* _EXERCISE BRIEF_
Each record should be given again exactly, and any picture in it left out.

* _SUPPLIED RECORDS_
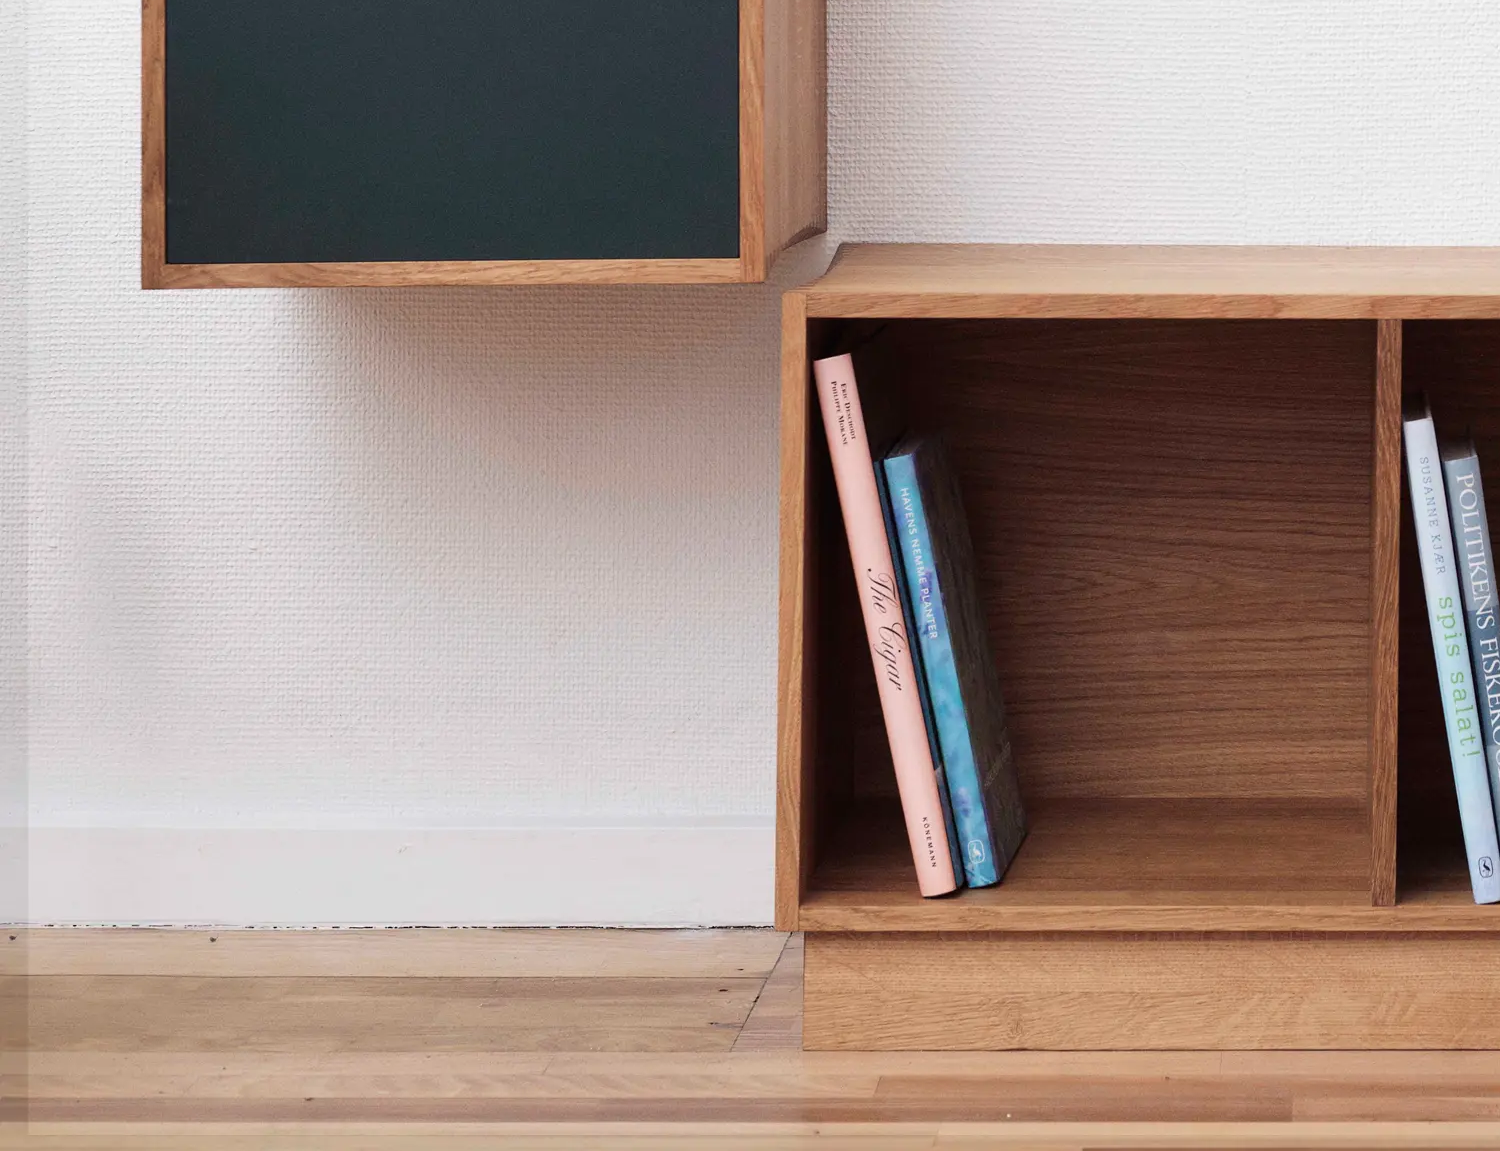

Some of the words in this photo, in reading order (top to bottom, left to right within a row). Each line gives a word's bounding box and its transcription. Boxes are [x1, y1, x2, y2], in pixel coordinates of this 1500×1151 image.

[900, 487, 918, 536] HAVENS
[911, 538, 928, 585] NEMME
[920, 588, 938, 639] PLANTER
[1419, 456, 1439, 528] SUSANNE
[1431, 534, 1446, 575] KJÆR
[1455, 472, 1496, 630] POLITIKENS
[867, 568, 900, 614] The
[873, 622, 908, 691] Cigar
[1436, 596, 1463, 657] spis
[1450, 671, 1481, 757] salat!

* _WORKED SOLUTION_
Some of the words in this photo, in reading order (top to bottom, left to right within a row). Each line gives a word's bounding box and its transcription. Boxes are [x1, y1, x2, y2], in pixel coordinates of this 1500×1151 image.

[900, 487, 918, 536] HAVENS
[911, 538, 928, 585] NEMME
[920, 588, 938, 639] PLANTER
[1419, 456, 1439, 528] SUSANNE
[1431, 534, 1446, 575] KJÆR
[1455, 472, 1496, 630] POLITIKENS
[867, 568, 900, 614] The
[873, 622, 908, 691] Cigar
[1436, 596, 1463, 657] spis
[1450, 671, 1481, 757] salat!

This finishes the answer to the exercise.